Yes.It may be hardly convincing, but it's true, baby!
In regards to thin, young women/svelte young guys drinking water: it's a known fact that drinking water will help fill you up and help satiate hunger. Once upon a time when I was intensely working out all the time, after I would have an intense workout, I was barely desirous of dinner or much food at all after I drank a couple of glasses/bottles of water. Water curbs hunger. It's better and cheaper than diet pills. Drinking coffee, tea, and soda will not hydrate you. Don't believe this fallacy. Water is always the best thing to drink. There is definately a reason why you always see thin people drinking water and fat people drinking diet soda. (since I have no cred on H&R anyway, I will now quote Paris Hilton: "Diet pop is for fat people.") She speaks the truth in this instance.
"In regards to thin, young women/svelte young guys drinking water: it's a known fact that drinking water will help fill you up and help satiate hunger"
Huh. Tends to make me hungry.
Don't be foolish. Paris Hilton's thin because of cocaine, not water.
OK Melissa, after the contemplation brought on by a couple of glasses of wine, another liquid, i might add, that thought it contains much water, will dehydrate you, I am sure that this guy is full of it (and now I'm not talking about water)
"Experts agree..."
Experts change their opinions these days faster than Bush's eyes dart from teleprompter to teleprompter. Information overload creates the ideal level of confusion for quacks to ply their trade. But never give up the wine no matter what.
Jesus Christ, every goddamn dog in the world knows when it needs water. Why has this become such a problem for the human race? We must be in big trouble if we have to consult experts on when to suck down some water.
Bottled water is simply something who's time has come.
About the time that Evian bottles started appearing, the Gulf war was brewing. The press, led by CNN, was talking up the notion that the desert heat was the real enemy of our troops.
"People need 14 gallons of water a day or they'll DIE!" and some such was being reported relentlesly. Naturally bottled water manufacturers took full advantage of this. Perhapos the biggest hit to bottled water was when Terry Schiavo took almost 2 weeks to die without it.
But the root of success of bottled water IMHO) is far more mundane. Truth is, tap water tastes like shit. Even filtered water tastes like a swimming pool.
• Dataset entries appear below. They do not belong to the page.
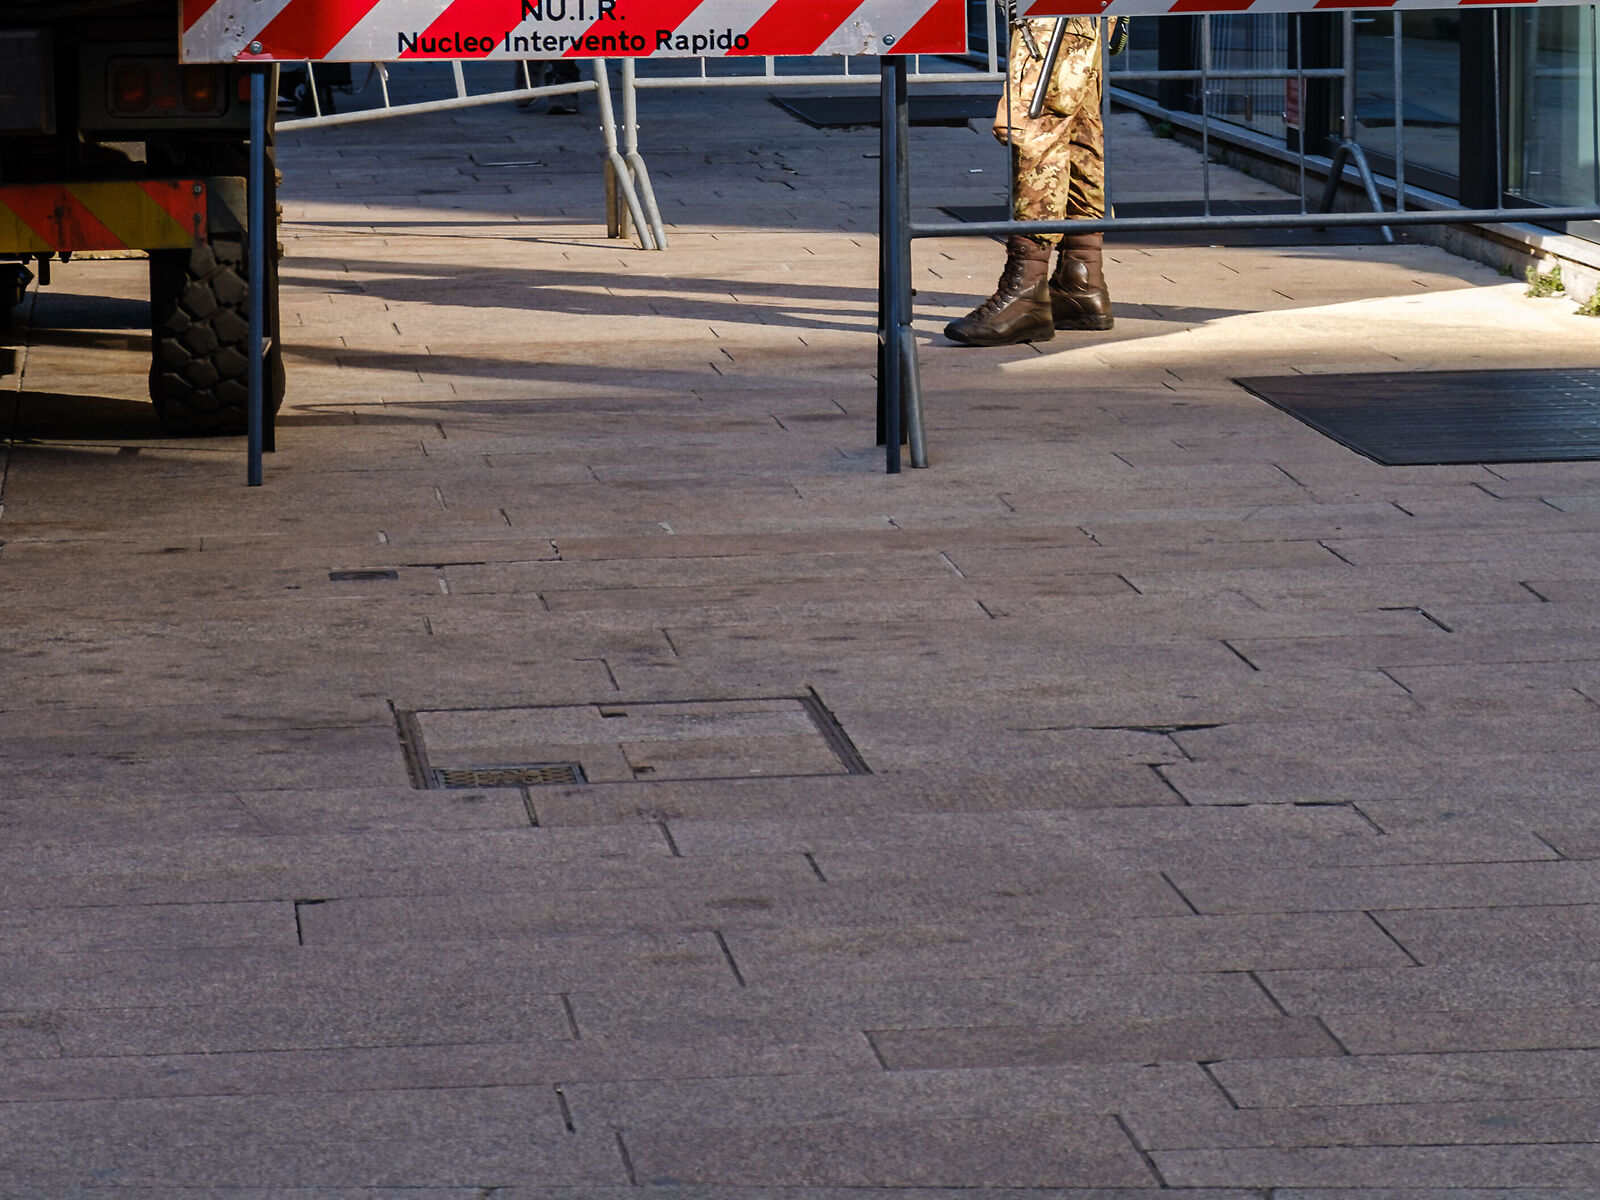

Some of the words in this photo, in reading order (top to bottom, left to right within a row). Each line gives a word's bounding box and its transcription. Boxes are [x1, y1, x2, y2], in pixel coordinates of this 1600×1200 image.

[397, 31, 496, 54] Nucleo
[504, 30, 646, 53] Intervento
[656, 28, 750, 55] Rapido
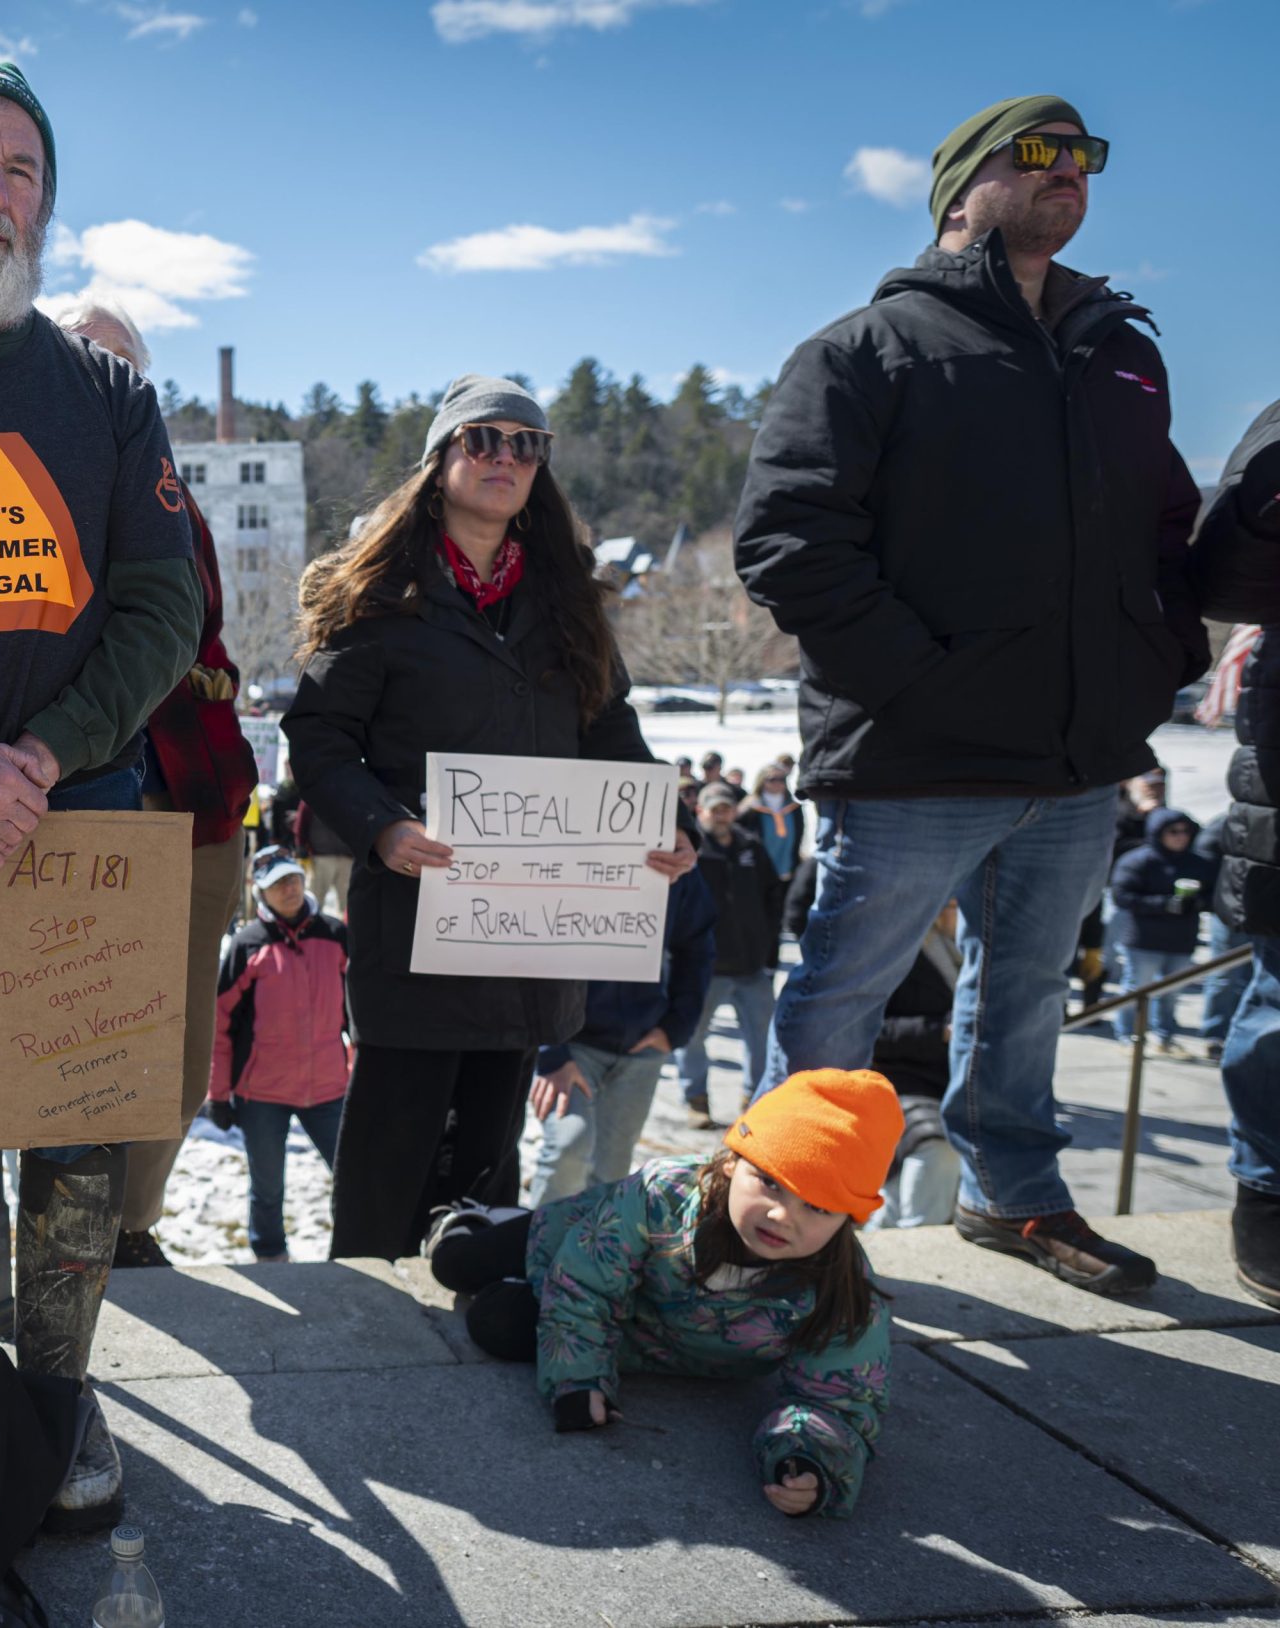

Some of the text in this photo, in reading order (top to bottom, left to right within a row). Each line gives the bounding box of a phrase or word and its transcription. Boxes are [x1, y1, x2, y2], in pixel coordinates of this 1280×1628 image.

[445, 768, 669, 849] REPEAL 181!
[8, 840, 76, 889] ACT
[91, 855, 130, 890] 181
[445, 861, 643, 886] STOP THE THEFT
[29, 915, 97, 950] Stop
[436, 898, 658, 939] OF RURAL VERMONTERS
[48, 976, 113, 1011] against
[10, 990, 167, 1057] Rural Vermont
[57, 1049, 128, 1081] Farmers
[38, 1080, 122, 1118] Generational
[80, 1089, 138, 1120] Families
AND Most people are now scared of there own water supply.
Ground water contamination (real and imagined), elevated levels of birth control hormones and other issues have all been in the news over the past 20 years and bottled water has seized upon each issue as a marketing opportunity.
Add to that the subset of folks who have always been worried that flouride was a sterility campaign by an evil government cabal, those genuinely worried that terrorist could hit our water supply and regular victims of natural disaster (Florida-hurricanes, for example) and you've got a "perfect storm" of reasons on which the bottled water industry can capitalize.
But it all - everything - starts with shitty tasting city water.
The fact that Evian backward spells naive is all the proof I need to be convinced that it's just a marketing gimmick.
Paris Hilton: "Diet pop is for fat people."
Self-fulfilling prophecy? Then again she also pitched 'Eat humongo-burgers so you can wash cars' or some such thing.
On the other hand, if all the gullible consumers who fall for all the marketing gimmicks suddenly became rational, the economy would probably collapse, and then where would we be? The role of stupidity in sustaining the high levels of consumption needed to keep the economy moving may be more important than we realize.